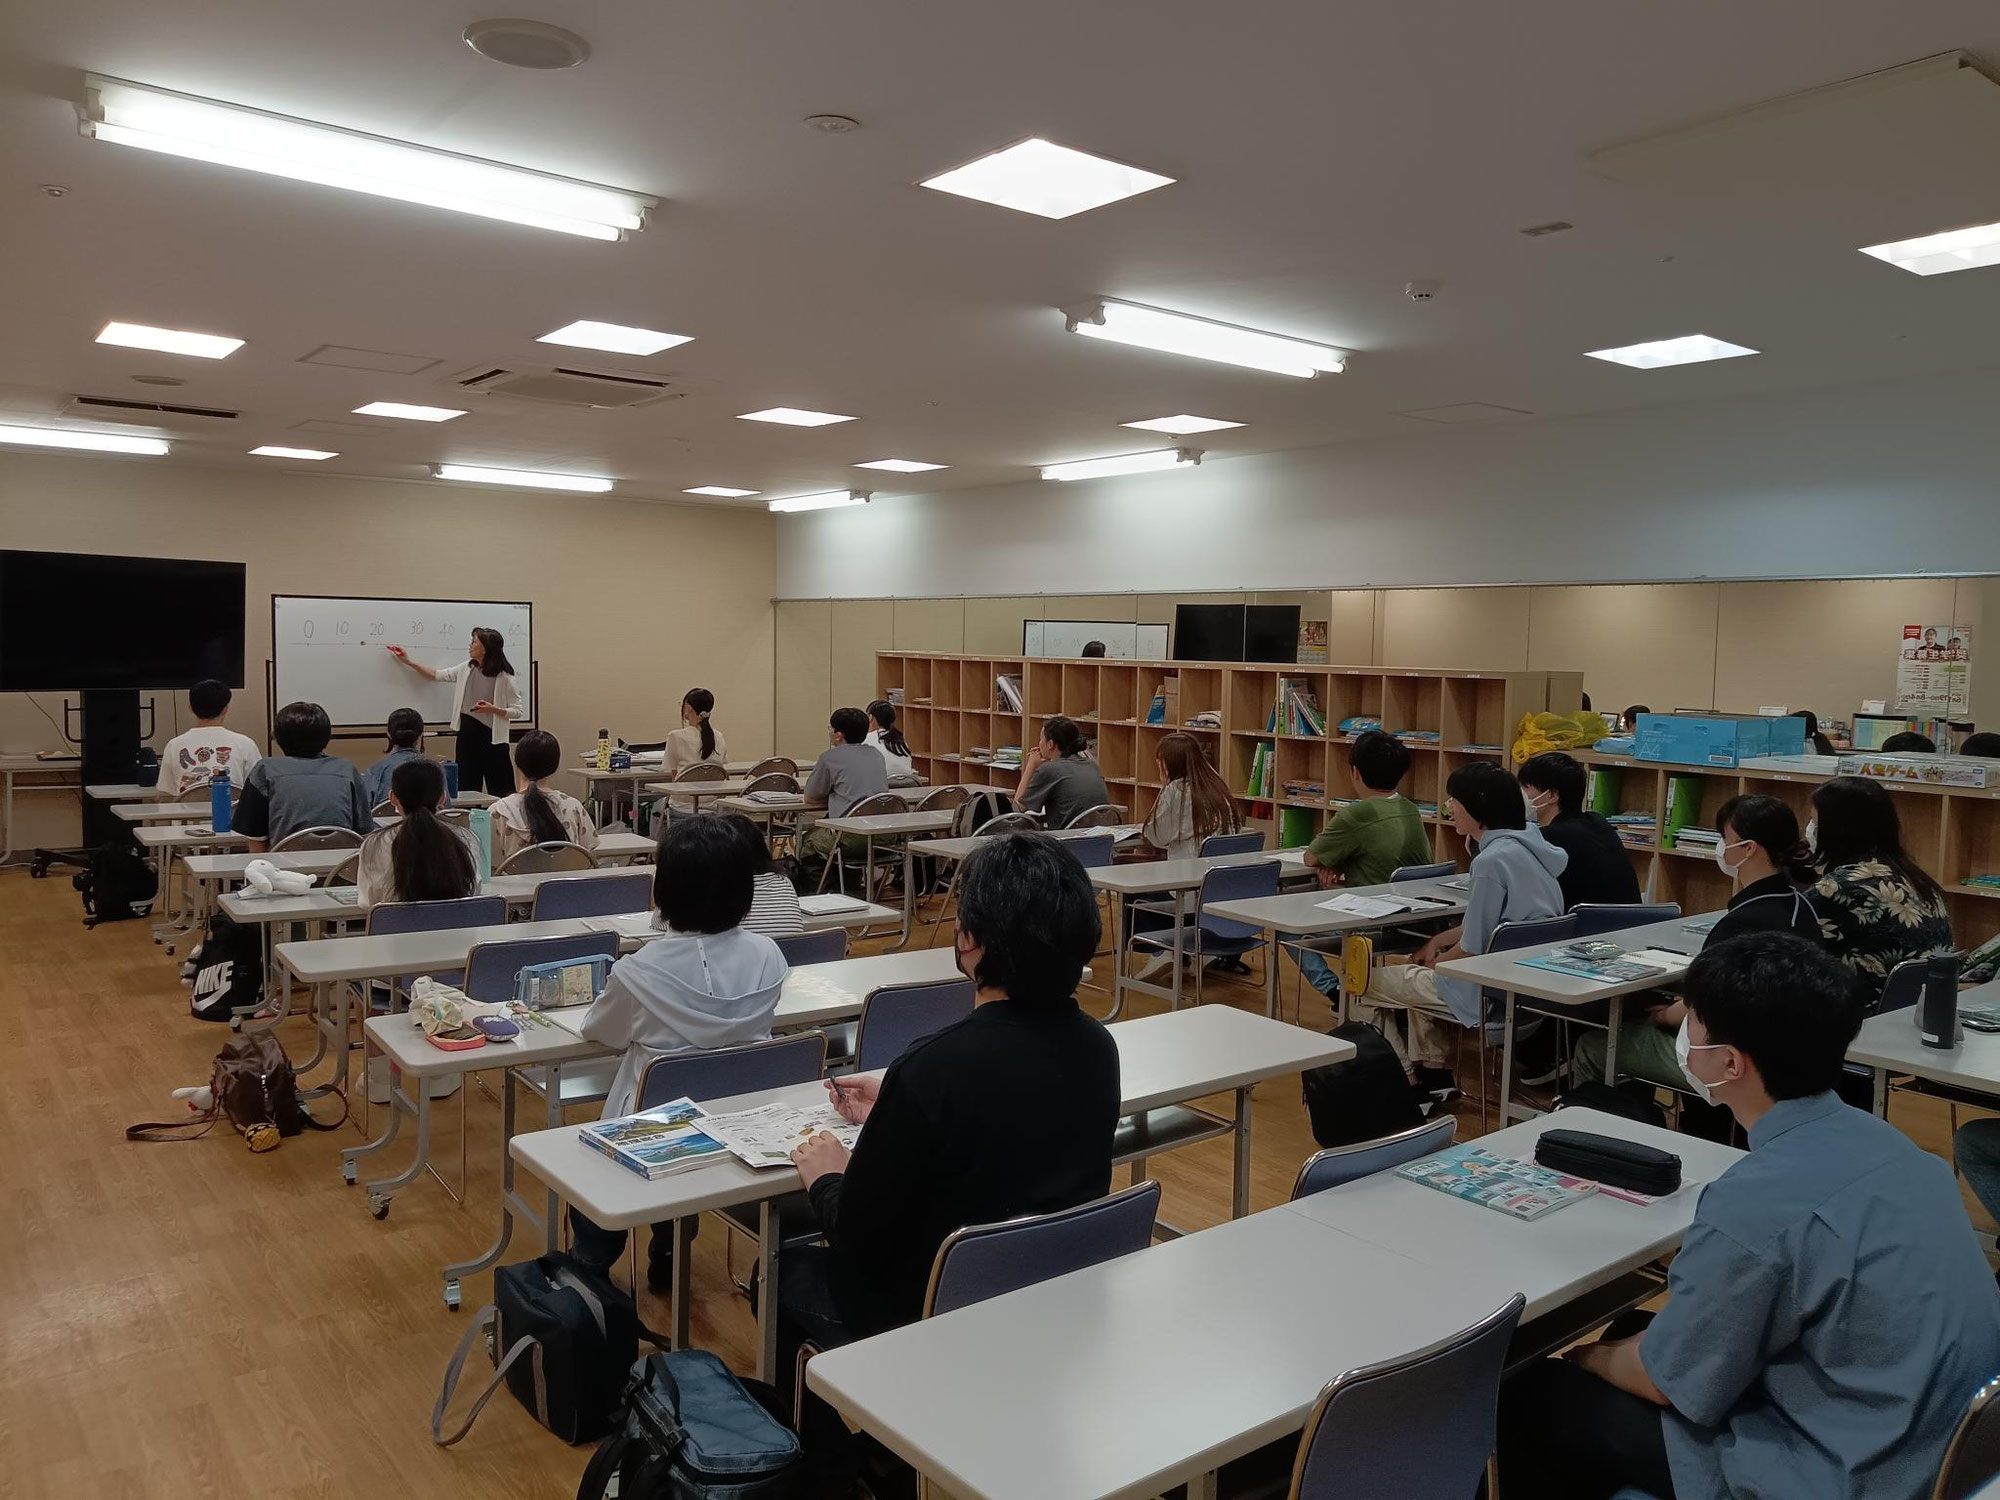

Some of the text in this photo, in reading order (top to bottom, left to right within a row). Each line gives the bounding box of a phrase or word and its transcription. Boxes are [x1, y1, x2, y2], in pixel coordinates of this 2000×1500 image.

[303, 619, 314, 639] 0
[335, 619, 350, 636] 10
[369, 623, 384, 636] 20
[408, 621, 424, 635] 30
[439, 623, 456, 638] 40
[1639, 742, 1662, 758] A4
[1859, 763, 1919, 779] 人生ゲーム
[194, 960, 234, 996] NIKE
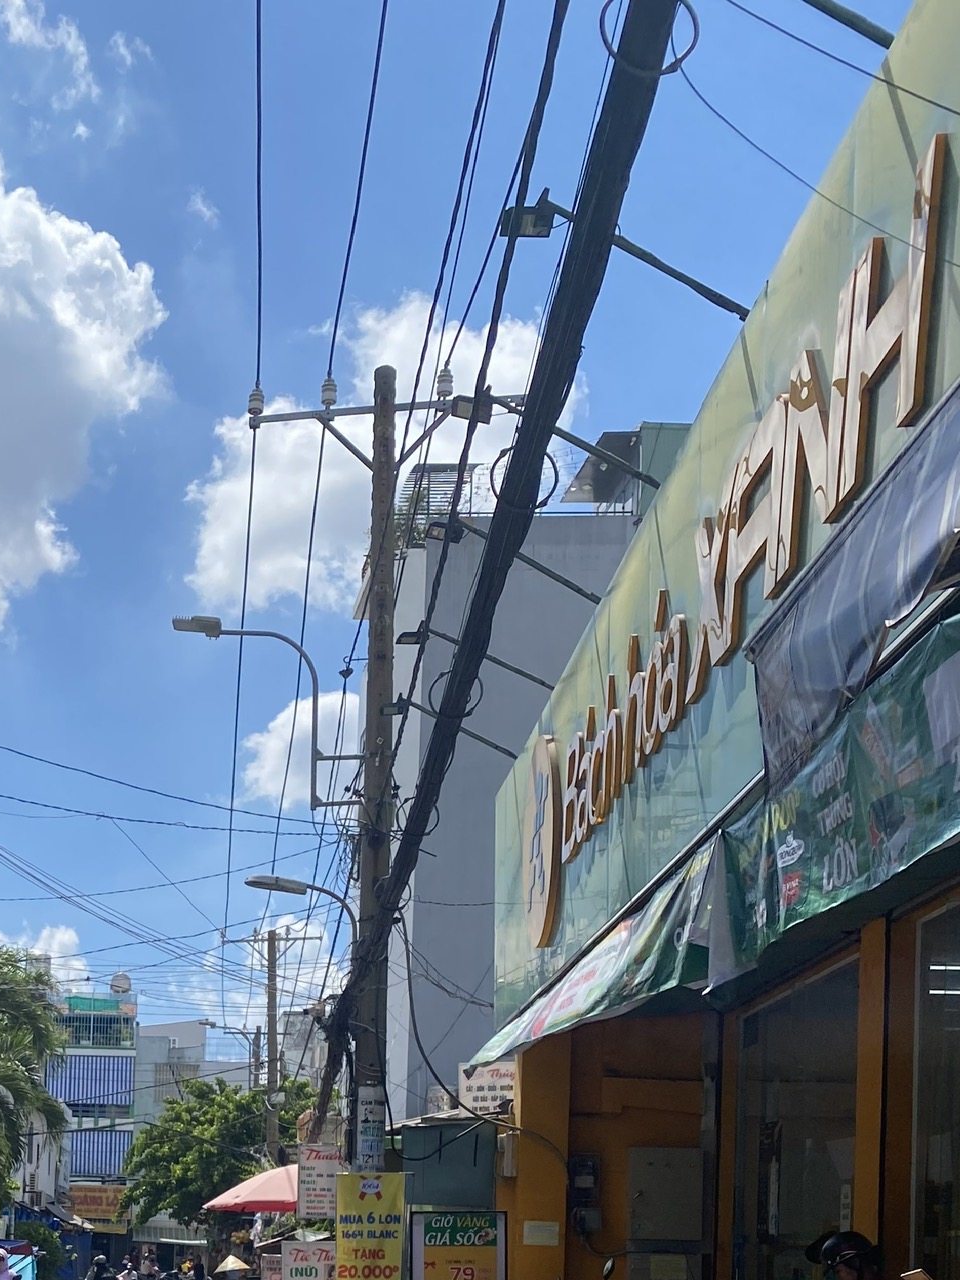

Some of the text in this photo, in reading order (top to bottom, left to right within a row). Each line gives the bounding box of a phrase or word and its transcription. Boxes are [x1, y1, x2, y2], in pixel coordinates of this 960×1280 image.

———

AIM OF THE TASK
Without the pictures, give all of the entries above again exactly.

YOUR SOLUTION
Some of the text in this photo, in reading order (top to bottom, left to right within a row). Each line gives the bounding box of a phrase or word and its transcription. Boxes are [x1, y1, x2, y2], in pixel coordinates of this 2000×1500 image.

[303, 619, 314, 639] 0
[335, 619, 350, 636] 10
[369, 623, 384, 636] 20
[408, 621, 424, 635] 30
[439, 623, 456, 638] 40
[1639, 742, 1662, 758] A4
[1859, 763, 1919, 779] 人生ゲーム
[194, 960, 234, 996] NIKE

Some of the text in this photo, in reading order (top to bottom, left to right within a row). Each line gives the bounding box of a phrase or word and its transcription. Boxes are [x1, y1, x2, y2], in pixel coordinates of this 960×1280 image.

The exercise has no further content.